WEDNESDAYS: Y'ALL COME SEE US SOMETIME - "USE IT OR LOOSE IT"
Wednesday, August 8, 2012 at 9:06AM
Dean Driver

Allee Royale Dinnerware from RaynaudThis is the first post of my weekly feature on entertaining. Before I go into some of my favorite ideas for entertaining, I felt that I needed to share some of my strongest beliefs about using what you have.

Many of us have memories of our grandmother's china cabinets neatly arranged with beautiful pieces of china and crystal that was only used on very special occasions. And special could mean once every five years. It wasn't used everyday. Heaven forbid that it should get a scratch or a blemish or any other sign of being used. It wasn't even taken out when company came to visit lest a piece get broken. As a child, I often peered into this "look but don't touch zone" wondering why this stuff was so damned special. I mean they just looked like dishes to me. And, didn't we eat off of dishes?  In the south, we always referred to the things in this cabinet as the "Good" china. Today it is more often called "Formal" china. (By the way, I hate both of those expressions.) The idea being, that it would be passed on from generation to generation as a piece of living history.

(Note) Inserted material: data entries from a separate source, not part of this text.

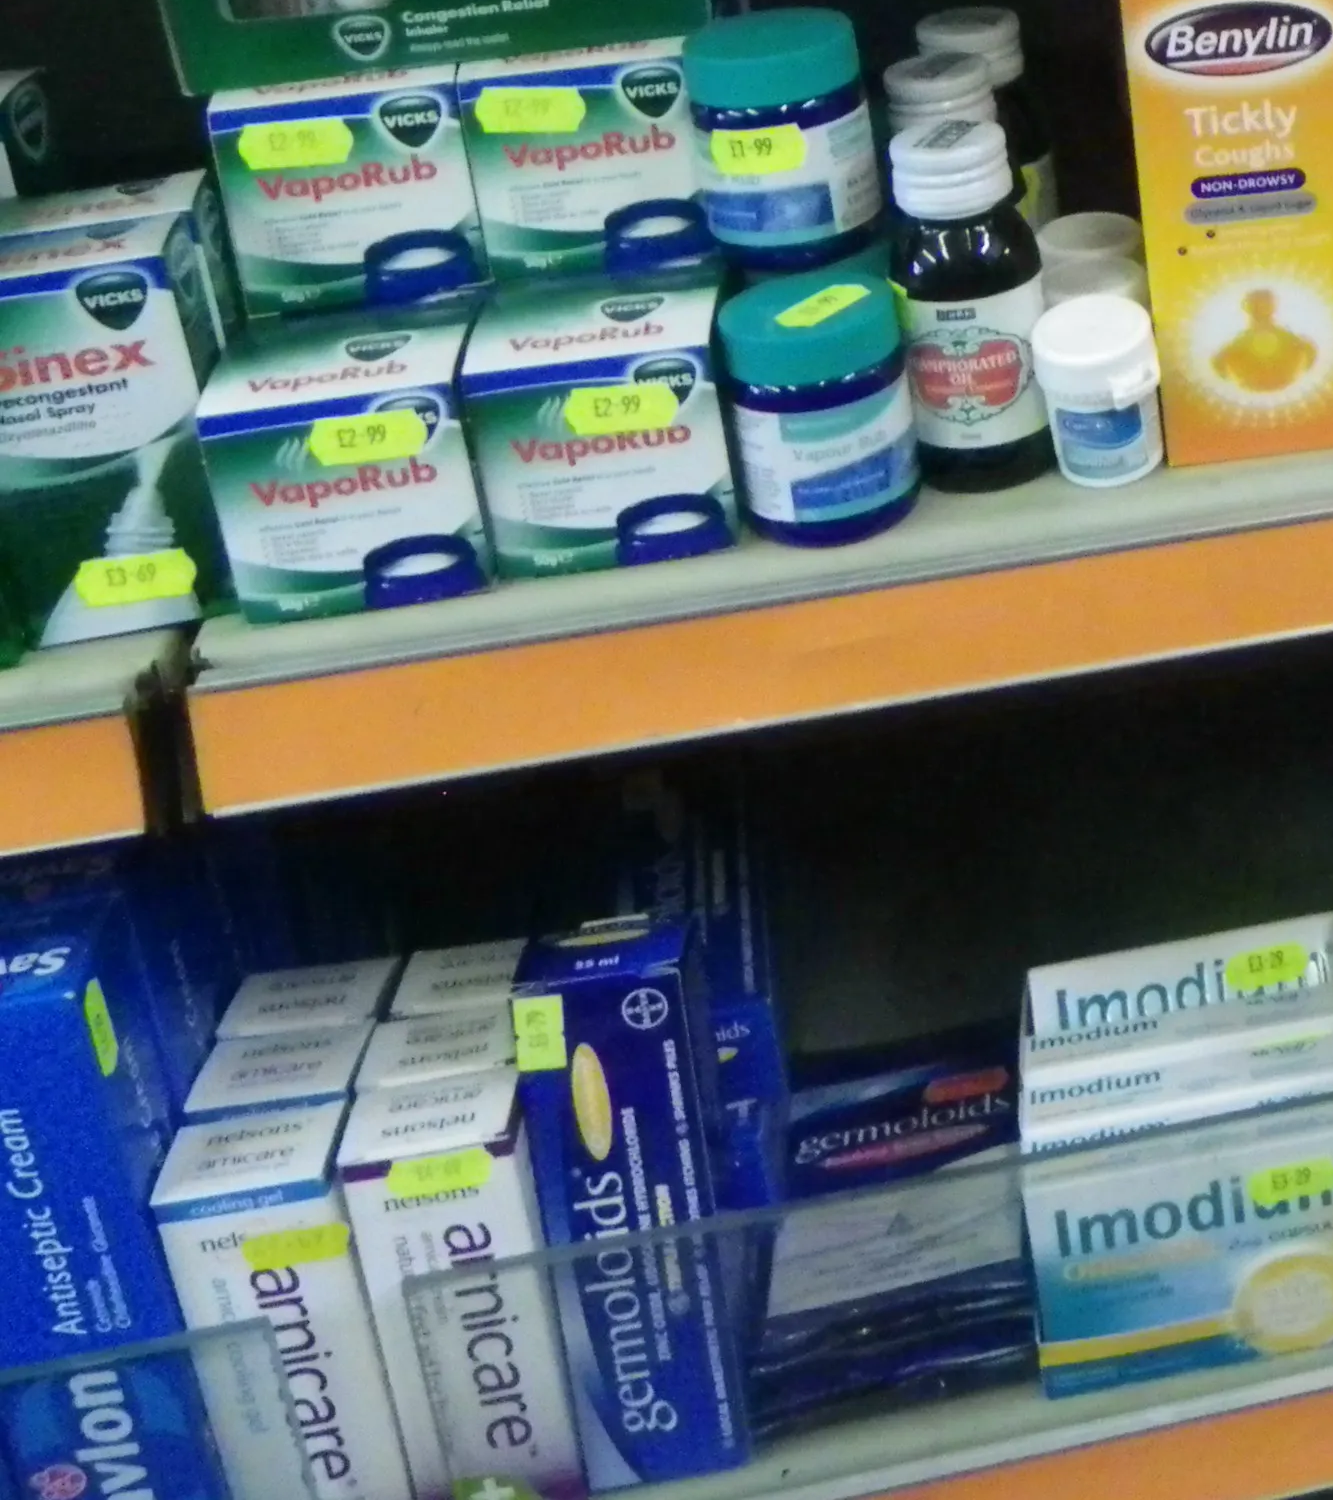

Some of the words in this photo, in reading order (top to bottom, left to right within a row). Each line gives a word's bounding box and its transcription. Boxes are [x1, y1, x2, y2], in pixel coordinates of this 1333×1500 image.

[403, 4, 499, 25] Congestion
[344, 31, 382, 45] VICKS
[1165, 18, 1313, 59] Benylin
[626, 81, 678, 99] VICKS
[385, 111, 437, 128] VICKS
[1184, 101, 1297, 140] Tickly
[503, 124, 676, 170] VapoRub
[1194, 140, 1294, 171] Coughs
[257, 154, 437, 201] VapoRub
[1200, 174, 1295, 193] NON-DROWSY
[84, 287, 145, 308] VICKS
[603, 299, 663, 314] VICKS
[509, 320, 666, 353] VapoRub
[247, 360, 407, 393] VapoRub
[46, 403, 96, 420] Spray
[249, 456, 438, 508] VapoRub
[1029, 1016, 1159, 1053] Imodium
[1030, 1068, 1161, 1106] Imodium
[204, 1118, 305, 1150] nelsons
[795, 1092, 1011, 1166] germoloids
[0, 1108, 45, 1202] Cream
[196, 1143, 296, 1172] arnicare
[51, 1205, 88, 1337] Antiseptic
[442, 1221, 533, 1451] arnicare
[248, 1264, 352, 1484] arnicare

In my first blog post, I talked about how the things that we use on our table become part of our own cultural and social history by creating memories. Well, how can memories be made if we never use the beautiful things that we have? Aren't those little scratches and blemishes from being used part or the memories?

Before I proceed here, I just need to get this off my chest: "Good" china implies to me that it has never hurt anyone, loved the crystal as itself and volunteered at a local soup kitchen. If this was "Good" china then was everything else we had in the house "Bad?"  And "Formal" china makes me think that I need to be wearing a morning suit to use it at breakfast. (Although those of you that know me can probably picture me wearing a smoking jacket  and ascot by the fire while sipping cognac from a Baccarat snifter) But when you get down to it, what we call these treasures in our cabinet is totally irrelevant. THE IMPORTANT THING IS THAT WE USE THEM.....Yes I was screaming that.

Some of you have heard me speak or seen me on television. The mantra that I always chant in full voice is that if we are lucky and blessed to have beautiful things in our lives we need to enjoy them everyday!

This is the point where I get bombarded with the same questions. So I have the answers. (At least until you send me more, please.)

"What if something gets broken?                                                       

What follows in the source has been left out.